**Brief:**
Your task is to restate exactly the lines from the one holding "Some of the text" to the end of the entries below, inclusive.

(Images for object localization)
= = = = = = =
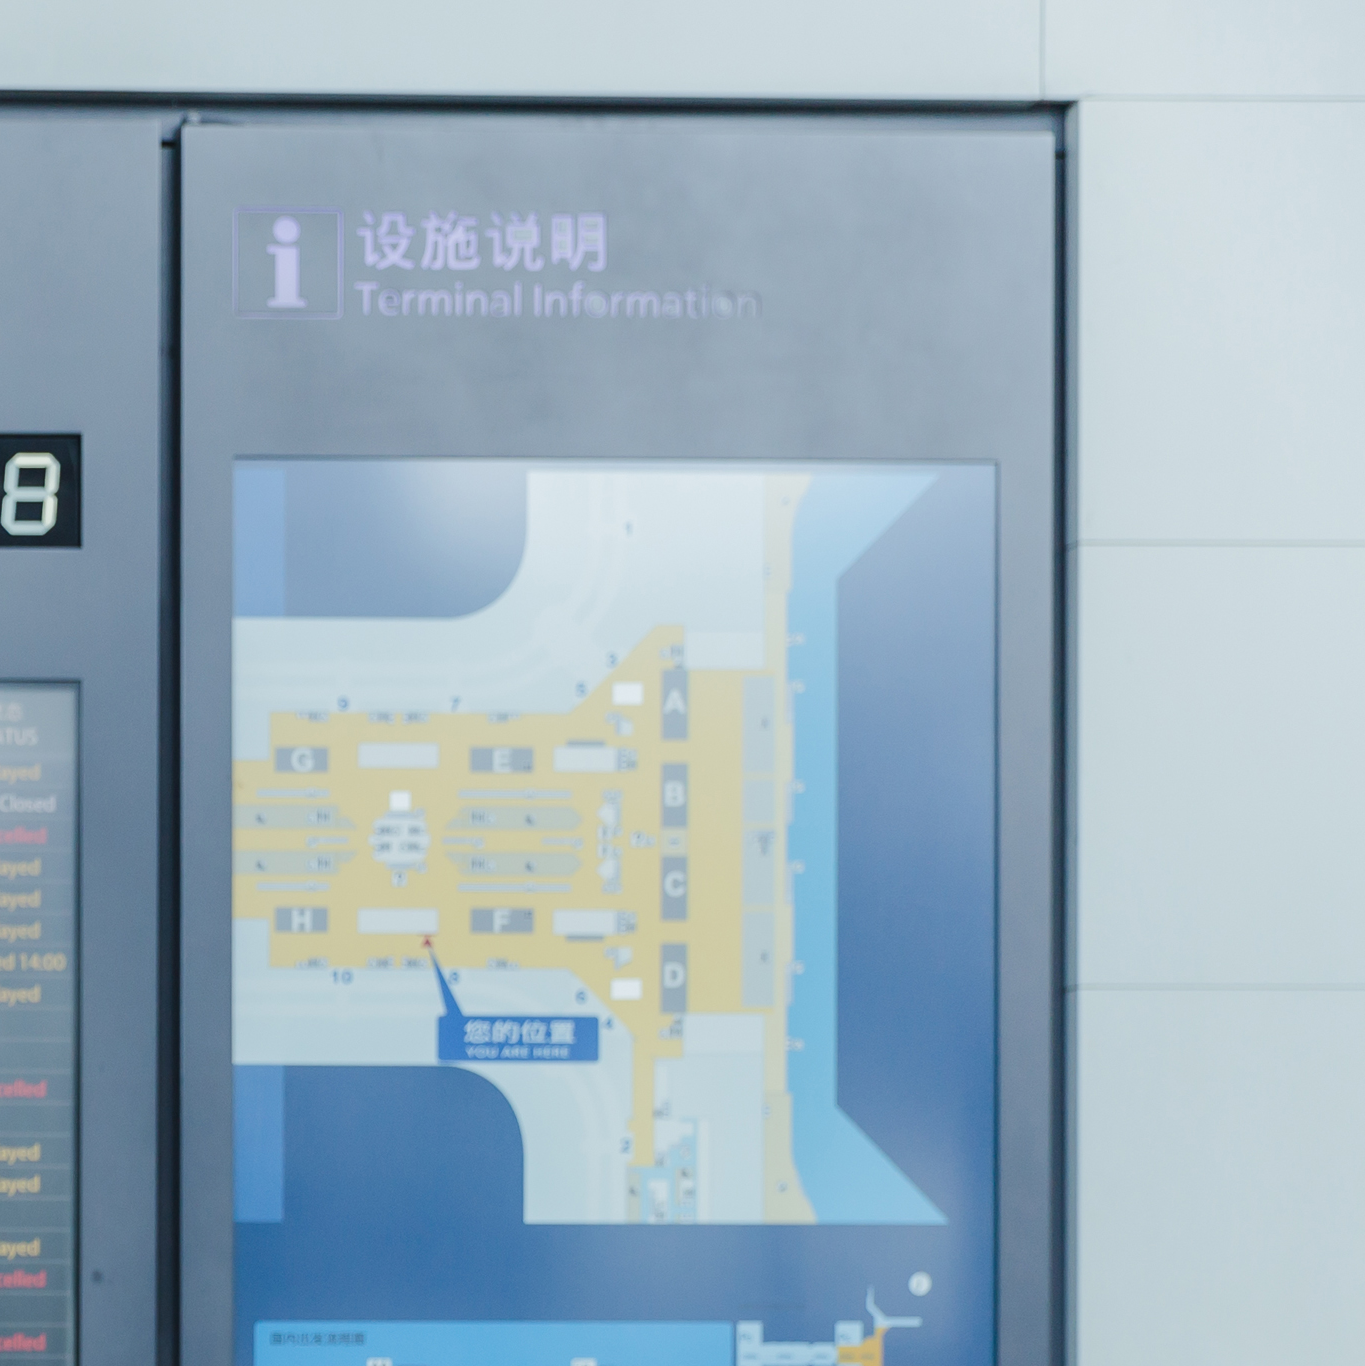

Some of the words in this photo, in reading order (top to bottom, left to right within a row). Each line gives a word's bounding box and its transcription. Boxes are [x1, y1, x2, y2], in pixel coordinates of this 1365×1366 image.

[355, 210, 608, 271] 设施说明
[354, 280, 521, 318] Terminal
[534, 281, 763, 320] Information
[663, 688, 686, 714] A
[291, 749, 314, 771] G
[493, 750, 511, 772] E
[665, 781, 685, 806] B
[664, 872, 686, 897] C
[291, 910, 312, 932] H
[494, 911, 511, 932] F
[20, 953, 66, 971] 14:00
[664, 963, 685, 988] D
[463, 1019, 575, 1044] 您的位置
[466, 1045, 499, 1059] YOU
[500, 1045, 528, 1059] ARE
[533, 1045, 569, 1059] HERE
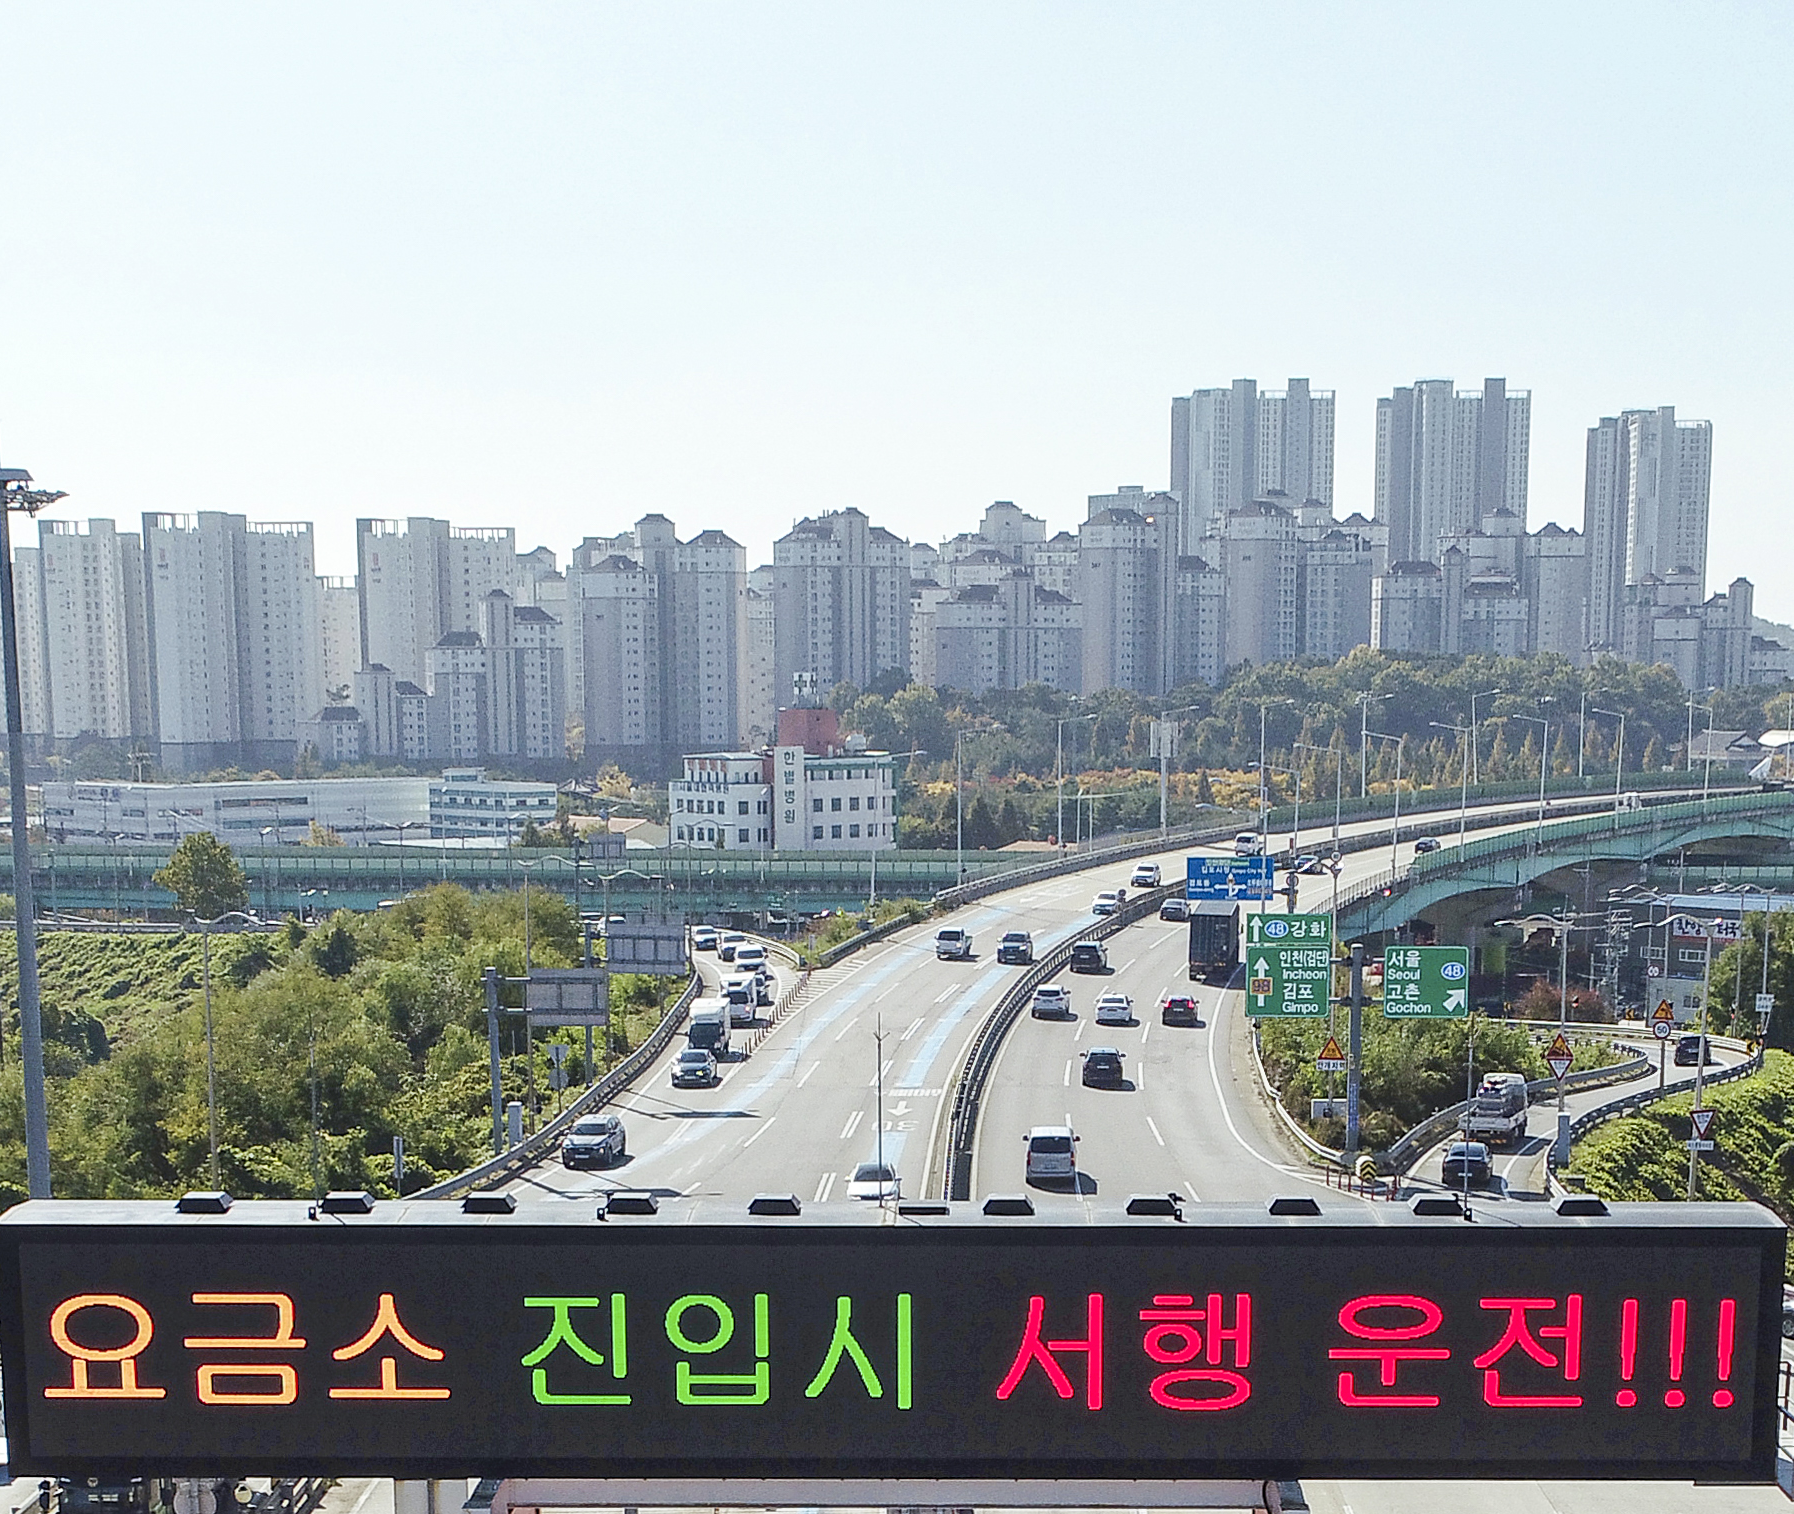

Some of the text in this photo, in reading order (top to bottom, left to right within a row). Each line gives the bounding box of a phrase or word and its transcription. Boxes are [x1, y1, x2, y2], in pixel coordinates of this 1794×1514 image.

[1266, 921, 1326, 938] 48 강화
[1279, 950, 1328, 968] 인천(검단)
[1387, 951, 1422, 968] 서울
[1282, 969, 1327, 979] Incheon
[1387, 969, 1421, 980] Seoul
[1443, 966, 1463, 976] 48
[1282, 983, 1314, 1000] 김포
[1386, 984, 1421, 1000] 고촌
[1282, 1003, 1319, 1014] Gimpo
[1386, 1002, 1432, 1014] Gochon
[45, 1289, 1737, 1413] 요금소 진입시 서행 운전!!!
= = = = = = =
**The answer:**
Some of the text in this photo, in reading order (top to bottom, left to right within a row). Each line gives the bounding box of a phrase or word and its transcription. Boxes are [x1, y1, x2, y2], in pixel coordinates of this 1794×1514 image.

[1266, 921, 1326, 938] 48 강화
[1279, 950, 1328, 968] 인천(검단)
[1387, 951, 1422, 968] 서울
[1282, 969, 1327, 979] Incheon
[1387, 969, 1421, 980] Seoul
[1443, 966, 1463, 976] 48
[1282, 983, 1314, 1000] 김포
[1386, 984, 1421, 1000] 고촌
[1282, 1003, 1319, 1014] Gimpo
[1386, 1002, 1432, 1014] Gochon
[45, 1289, 1737, 1413] 요금소 진입시 서행 운전!!!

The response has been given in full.